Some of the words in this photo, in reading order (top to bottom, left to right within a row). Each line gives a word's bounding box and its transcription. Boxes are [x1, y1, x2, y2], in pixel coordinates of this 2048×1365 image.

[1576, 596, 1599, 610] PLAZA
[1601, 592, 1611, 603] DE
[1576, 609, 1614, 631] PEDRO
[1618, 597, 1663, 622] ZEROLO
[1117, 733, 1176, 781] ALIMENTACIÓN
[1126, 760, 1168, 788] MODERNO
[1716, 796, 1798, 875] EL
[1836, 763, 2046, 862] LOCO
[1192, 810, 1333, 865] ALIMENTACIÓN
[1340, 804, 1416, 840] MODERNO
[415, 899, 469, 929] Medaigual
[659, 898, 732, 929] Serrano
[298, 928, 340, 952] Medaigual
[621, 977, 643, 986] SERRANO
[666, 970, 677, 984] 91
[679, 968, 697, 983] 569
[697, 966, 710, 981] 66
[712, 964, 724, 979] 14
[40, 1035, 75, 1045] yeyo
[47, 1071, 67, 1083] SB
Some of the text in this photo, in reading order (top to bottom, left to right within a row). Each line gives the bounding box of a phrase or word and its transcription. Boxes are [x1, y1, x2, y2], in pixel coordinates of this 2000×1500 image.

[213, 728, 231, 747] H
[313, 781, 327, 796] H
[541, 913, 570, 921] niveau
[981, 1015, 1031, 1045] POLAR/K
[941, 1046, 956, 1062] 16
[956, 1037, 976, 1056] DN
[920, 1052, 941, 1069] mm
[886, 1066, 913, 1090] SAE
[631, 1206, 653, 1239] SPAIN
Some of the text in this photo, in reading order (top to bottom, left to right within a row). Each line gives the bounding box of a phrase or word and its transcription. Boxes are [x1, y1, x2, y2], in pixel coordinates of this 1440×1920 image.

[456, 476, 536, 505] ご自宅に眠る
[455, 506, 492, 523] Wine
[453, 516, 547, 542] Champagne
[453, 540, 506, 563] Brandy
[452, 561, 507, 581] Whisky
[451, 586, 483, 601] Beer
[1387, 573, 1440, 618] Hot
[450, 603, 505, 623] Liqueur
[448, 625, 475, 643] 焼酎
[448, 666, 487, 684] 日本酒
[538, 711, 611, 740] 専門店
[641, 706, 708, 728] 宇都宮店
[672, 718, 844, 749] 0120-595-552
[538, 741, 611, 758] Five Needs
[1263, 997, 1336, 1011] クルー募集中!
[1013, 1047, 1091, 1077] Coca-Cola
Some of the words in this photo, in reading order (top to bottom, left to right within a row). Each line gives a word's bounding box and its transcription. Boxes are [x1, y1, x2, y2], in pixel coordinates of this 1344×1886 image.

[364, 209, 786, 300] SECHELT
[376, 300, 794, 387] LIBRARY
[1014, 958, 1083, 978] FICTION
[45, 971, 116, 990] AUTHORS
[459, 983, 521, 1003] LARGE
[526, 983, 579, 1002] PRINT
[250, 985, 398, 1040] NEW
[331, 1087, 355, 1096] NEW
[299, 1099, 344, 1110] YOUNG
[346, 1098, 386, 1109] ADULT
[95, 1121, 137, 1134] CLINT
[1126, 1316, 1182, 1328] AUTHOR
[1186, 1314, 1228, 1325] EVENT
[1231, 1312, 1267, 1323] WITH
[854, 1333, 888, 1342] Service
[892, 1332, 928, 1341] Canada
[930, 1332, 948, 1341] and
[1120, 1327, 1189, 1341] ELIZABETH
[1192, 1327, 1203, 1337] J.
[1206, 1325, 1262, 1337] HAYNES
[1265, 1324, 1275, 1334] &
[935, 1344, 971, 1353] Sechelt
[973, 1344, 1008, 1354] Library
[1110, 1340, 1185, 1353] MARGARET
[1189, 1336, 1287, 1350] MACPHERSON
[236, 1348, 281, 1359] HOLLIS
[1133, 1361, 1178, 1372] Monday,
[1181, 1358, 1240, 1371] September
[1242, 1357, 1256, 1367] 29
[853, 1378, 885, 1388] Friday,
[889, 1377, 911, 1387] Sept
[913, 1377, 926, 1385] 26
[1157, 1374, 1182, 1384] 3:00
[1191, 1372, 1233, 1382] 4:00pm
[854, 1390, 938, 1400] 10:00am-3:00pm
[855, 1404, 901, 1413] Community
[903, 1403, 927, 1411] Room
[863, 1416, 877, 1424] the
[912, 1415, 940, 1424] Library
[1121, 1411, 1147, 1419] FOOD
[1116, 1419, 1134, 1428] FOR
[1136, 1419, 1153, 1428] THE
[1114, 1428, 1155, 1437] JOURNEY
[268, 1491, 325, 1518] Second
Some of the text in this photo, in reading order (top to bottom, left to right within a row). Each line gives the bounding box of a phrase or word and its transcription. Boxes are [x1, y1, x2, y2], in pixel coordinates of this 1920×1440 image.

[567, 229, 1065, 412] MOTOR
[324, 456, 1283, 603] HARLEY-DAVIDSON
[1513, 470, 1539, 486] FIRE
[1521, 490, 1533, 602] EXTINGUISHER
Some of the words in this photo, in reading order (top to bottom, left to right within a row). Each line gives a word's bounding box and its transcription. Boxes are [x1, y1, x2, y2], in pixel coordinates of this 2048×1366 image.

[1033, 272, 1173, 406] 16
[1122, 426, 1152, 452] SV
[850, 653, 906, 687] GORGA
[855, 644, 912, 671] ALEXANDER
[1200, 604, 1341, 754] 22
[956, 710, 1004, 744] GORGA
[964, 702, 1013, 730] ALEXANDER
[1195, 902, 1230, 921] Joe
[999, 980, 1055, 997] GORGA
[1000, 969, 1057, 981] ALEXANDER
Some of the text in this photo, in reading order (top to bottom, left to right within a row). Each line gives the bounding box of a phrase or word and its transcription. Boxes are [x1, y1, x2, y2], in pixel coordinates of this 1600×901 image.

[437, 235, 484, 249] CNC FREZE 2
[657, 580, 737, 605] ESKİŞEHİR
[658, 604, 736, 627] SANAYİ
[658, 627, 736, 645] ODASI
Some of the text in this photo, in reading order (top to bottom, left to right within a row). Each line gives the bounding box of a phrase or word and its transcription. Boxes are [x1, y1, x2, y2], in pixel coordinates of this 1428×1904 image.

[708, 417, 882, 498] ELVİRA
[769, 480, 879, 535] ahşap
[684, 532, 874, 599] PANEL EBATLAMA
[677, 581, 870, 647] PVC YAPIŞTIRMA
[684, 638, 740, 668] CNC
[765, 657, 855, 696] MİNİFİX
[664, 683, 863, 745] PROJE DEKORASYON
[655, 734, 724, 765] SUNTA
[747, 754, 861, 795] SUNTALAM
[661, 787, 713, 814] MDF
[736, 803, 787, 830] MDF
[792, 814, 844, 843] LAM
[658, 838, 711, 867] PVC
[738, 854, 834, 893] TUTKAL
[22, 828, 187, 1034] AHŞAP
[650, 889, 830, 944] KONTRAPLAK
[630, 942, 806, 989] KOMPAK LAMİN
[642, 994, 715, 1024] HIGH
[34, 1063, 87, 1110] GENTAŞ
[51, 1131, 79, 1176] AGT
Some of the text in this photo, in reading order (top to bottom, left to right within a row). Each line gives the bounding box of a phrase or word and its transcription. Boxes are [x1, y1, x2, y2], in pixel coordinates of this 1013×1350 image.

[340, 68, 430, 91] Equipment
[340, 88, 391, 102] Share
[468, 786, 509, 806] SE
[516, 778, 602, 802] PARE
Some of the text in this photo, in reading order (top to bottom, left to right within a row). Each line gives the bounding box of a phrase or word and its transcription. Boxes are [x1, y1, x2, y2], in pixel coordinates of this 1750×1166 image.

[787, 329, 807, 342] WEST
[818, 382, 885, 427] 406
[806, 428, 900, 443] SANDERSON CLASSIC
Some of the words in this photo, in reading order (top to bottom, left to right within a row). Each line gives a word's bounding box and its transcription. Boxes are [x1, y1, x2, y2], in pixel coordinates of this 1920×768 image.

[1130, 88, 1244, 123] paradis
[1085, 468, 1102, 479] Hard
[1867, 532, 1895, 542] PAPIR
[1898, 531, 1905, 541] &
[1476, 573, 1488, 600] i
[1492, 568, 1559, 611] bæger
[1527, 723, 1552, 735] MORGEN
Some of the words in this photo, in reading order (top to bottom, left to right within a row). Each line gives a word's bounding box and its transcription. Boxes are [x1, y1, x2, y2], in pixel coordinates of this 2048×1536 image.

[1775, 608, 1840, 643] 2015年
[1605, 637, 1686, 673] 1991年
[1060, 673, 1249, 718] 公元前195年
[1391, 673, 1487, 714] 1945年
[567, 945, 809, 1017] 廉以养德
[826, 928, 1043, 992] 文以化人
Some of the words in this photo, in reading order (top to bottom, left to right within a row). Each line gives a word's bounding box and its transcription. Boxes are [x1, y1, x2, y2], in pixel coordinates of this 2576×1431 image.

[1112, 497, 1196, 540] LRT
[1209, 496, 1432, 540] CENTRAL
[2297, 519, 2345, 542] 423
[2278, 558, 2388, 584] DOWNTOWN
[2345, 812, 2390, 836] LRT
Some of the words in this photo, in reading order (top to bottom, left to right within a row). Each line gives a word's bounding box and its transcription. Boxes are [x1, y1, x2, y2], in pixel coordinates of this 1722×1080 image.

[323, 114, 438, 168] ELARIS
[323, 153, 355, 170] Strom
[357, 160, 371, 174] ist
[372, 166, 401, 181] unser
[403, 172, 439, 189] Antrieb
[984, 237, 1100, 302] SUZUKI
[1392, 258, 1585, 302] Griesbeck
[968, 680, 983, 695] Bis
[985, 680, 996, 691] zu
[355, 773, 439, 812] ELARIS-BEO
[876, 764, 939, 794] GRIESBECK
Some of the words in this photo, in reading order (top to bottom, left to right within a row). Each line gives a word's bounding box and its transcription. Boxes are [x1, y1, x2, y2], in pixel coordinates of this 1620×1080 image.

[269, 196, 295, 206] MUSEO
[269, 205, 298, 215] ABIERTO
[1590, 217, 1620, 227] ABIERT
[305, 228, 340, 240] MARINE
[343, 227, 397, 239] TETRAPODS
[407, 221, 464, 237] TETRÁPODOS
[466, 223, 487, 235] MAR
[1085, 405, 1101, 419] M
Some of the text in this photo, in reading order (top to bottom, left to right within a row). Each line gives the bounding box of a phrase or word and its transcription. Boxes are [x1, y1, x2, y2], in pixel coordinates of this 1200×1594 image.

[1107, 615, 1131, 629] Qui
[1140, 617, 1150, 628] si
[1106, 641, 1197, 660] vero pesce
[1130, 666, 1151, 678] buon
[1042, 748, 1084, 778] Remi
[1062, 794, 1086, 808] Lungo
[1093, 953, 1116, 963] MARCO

■ ■ ■ ■ ■

## Assignment
The assignment is to restate, word for word, each line from the one containing "this 1200×1594 image." through the final line of the material above.

## Answer to this problem
Some of the text in this photo, in reading order (top to bottom, left to right within a row). Each line gives the bounding box of a phrase or word and its transcription. Boxes are [x1, y1, x2, y2], in pixel coordinates of this 1200×1594 image.

[1107, 615, 1131, 629] Qui
[1140, 617, 1150, 628] si
[1106, 641, 1197, 660] vero pesce
[1130, 666, 1151, 678] buon
[1042, 748, 1084, 778] Remi
[1062, 794, 1086, 808] Lungo
[1093, 953, 1116, 963] MARCO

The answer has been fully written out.